Rheumatic fever develops after an infection with Streptococcus, the bacteria that cause strep throat and scarlet fever. Rheumatic Fever is uncommon in the United States, mainly affects children ages 6 -15, and occurs approximately 20 days after strep throat or scarlet fever if mis- or un-treated. I, however, am 27 and they suspect that I have had it for quite some time; 2-3 years even. However, Rheumatic Fever isn’t strictly characterized by its typical symptoms of high fever, chest pain and rash. Streptococcus is a master mimicker, affecting the heart, joints, skin, and brain much the same as autoimmune disorders such as Rheumatoid Arthritis, for which it’s named after. This is why I went to see a rheumatologist in the first place. After being diagnosed with interstitial cystitis and degenerative disc disease with in year, I had multiple doctors suggest I see a rheumatologist because I was a prime candidate for an autoimmune disorder.

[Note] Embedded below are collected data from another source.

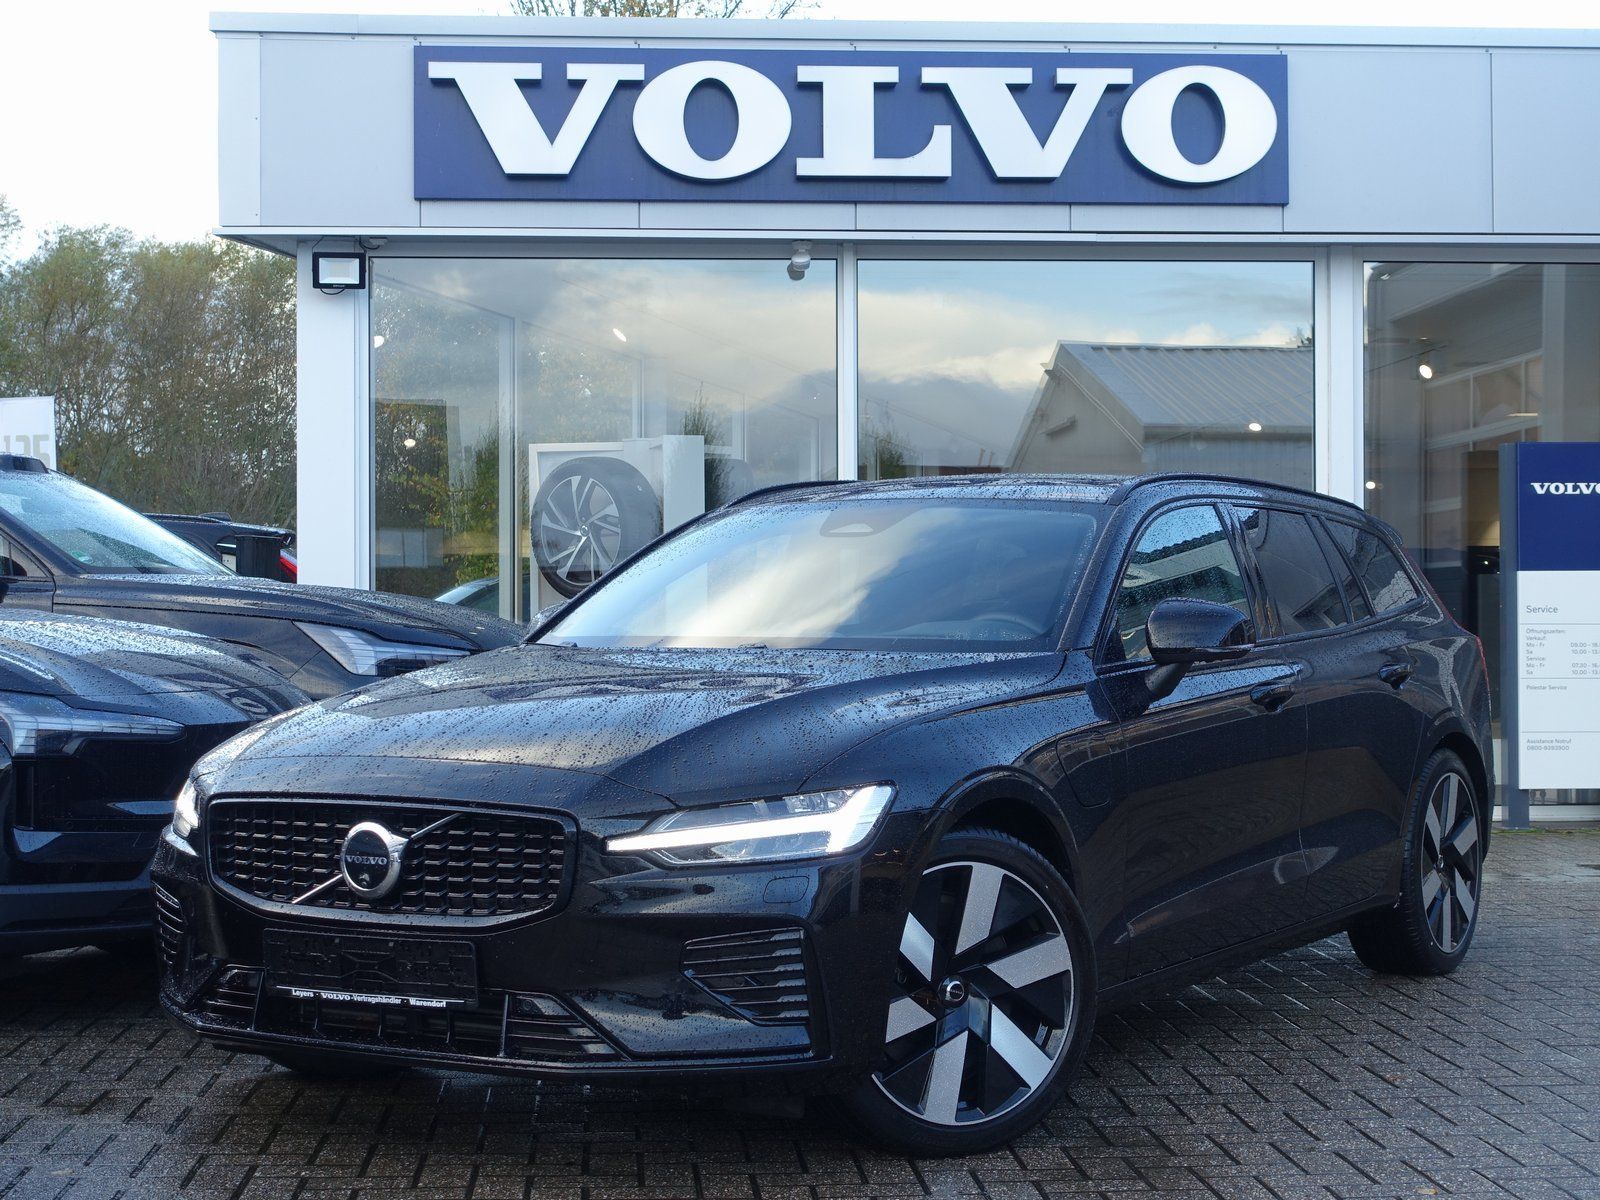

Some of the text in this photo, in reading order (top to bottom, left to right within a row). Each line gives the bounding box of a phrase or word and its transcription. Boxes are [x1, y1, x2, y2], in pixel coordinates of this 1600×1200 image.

[428, 60, 1279, 184] VOLVO
[1526, 605, 1559, 614] Service
[345, 854, 388, 866] VOLVO
[292, 988, 314, 998] Leyers
[409, 998, 447, 1008] Warendorf

Rheumatic Fever is diagnosed by looking at your ASO titer. ASO, or Anti-streptolysin O, is the antibody made to fight the toxin produced by most strains of streptococci. The average person, having had strep at least once in their life, has an ASO titer of around 0-100. After you get strep your ASO titer elevates as your body fights the infection, peaks up to around 200 a couple weeks after infection then falls to pre-infection levels within 6-12 months. In December, my ASO titer was 935, more than 9 times higher than the average person’s. This level is higher than any amount I could find on the internet when I was researching my diagnosis. I found one in the 700 range but most papers and articles were for patients with 400 or less. Pretty amazing considering I don’t feel that sick, although I have been more sick, more often than I have at any other period in my life. I also had my genes tested and I tested negative for all autoimmune disorders but positive for genes which code for gluten intolerance. Gluten intolerance could be a factor in all this but we can talk about that another day…

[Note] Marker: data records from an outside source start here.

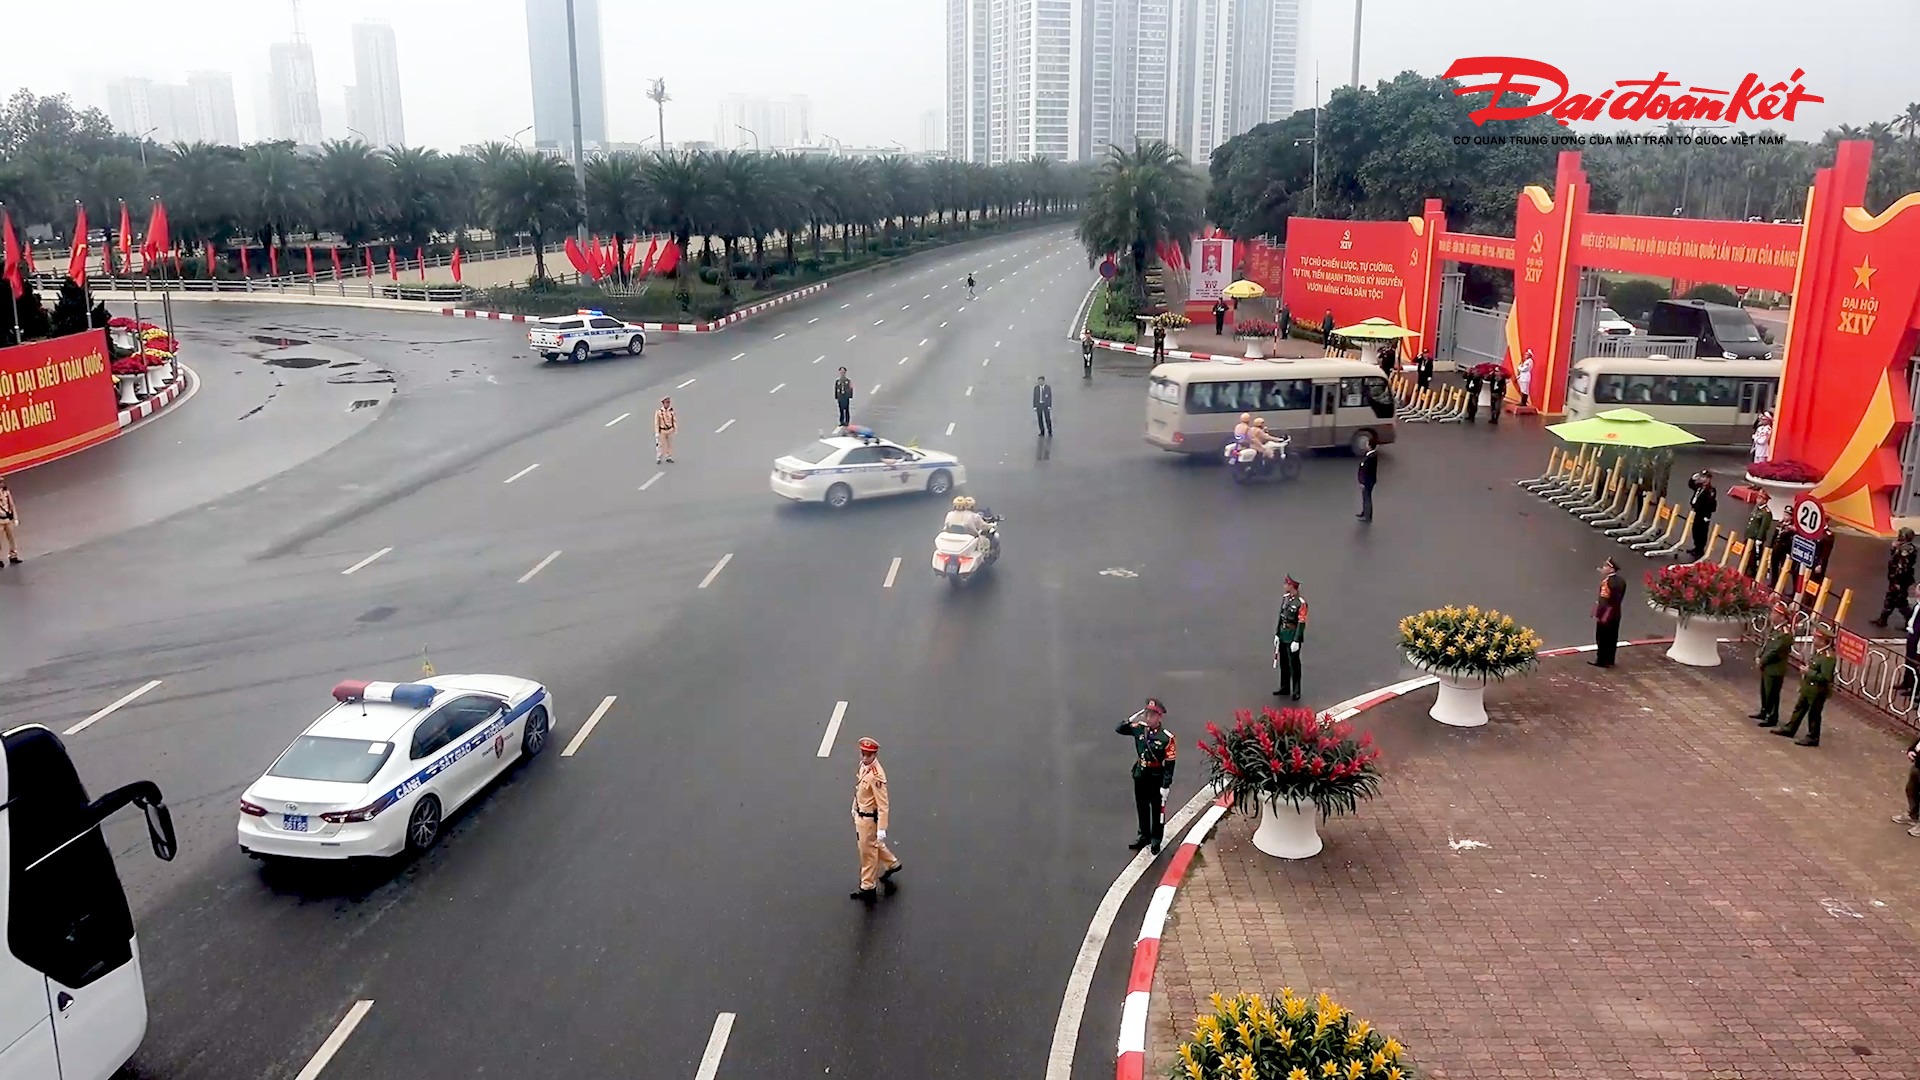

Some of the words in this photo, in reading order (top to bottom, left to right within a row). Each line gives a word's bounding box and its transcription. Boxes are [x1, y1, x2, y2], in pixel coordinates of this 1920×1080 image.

[1344, 273, 1365, 285] TRONG
[1375, 275, 1403, 288] NGUYÊN
[1524, 267, 1543, 283] XIV
[1353, 287, 1368, 298] DÂN
[1842, 296, 1859, 311] ĐẠI
[1860, 296, 1879, 314] HỘI
[1837, 311, 1877, 336] XIV
[16, 369, 37, 396] ĐẠI
[36, 357, 60, 389] BIỂU
[60, 356, 84, 383] TOÀN
[83, 346, 104, 378] QUỐC
[21, 397, 56, 429] ĐẢNG!
[1800, 506, 1818, 530] 20
[395, 776, 422, 799] CẢNH

Treatment for Rheumatic Fever is deep tissue penicillin injections once every three weeks for 6-18+ months. They will test my blood every 4 months to see if my ASO titer is decreasing. Hopefully it will work because I’m sick of getting sick and, from the sounds of it, it’s the only option!
So, while the bad news is, even after months of treatment, I am still susceptible to contracting it again, the good news is, I don’t have an autoimmune disorder and rheumatic fever is totally manageable!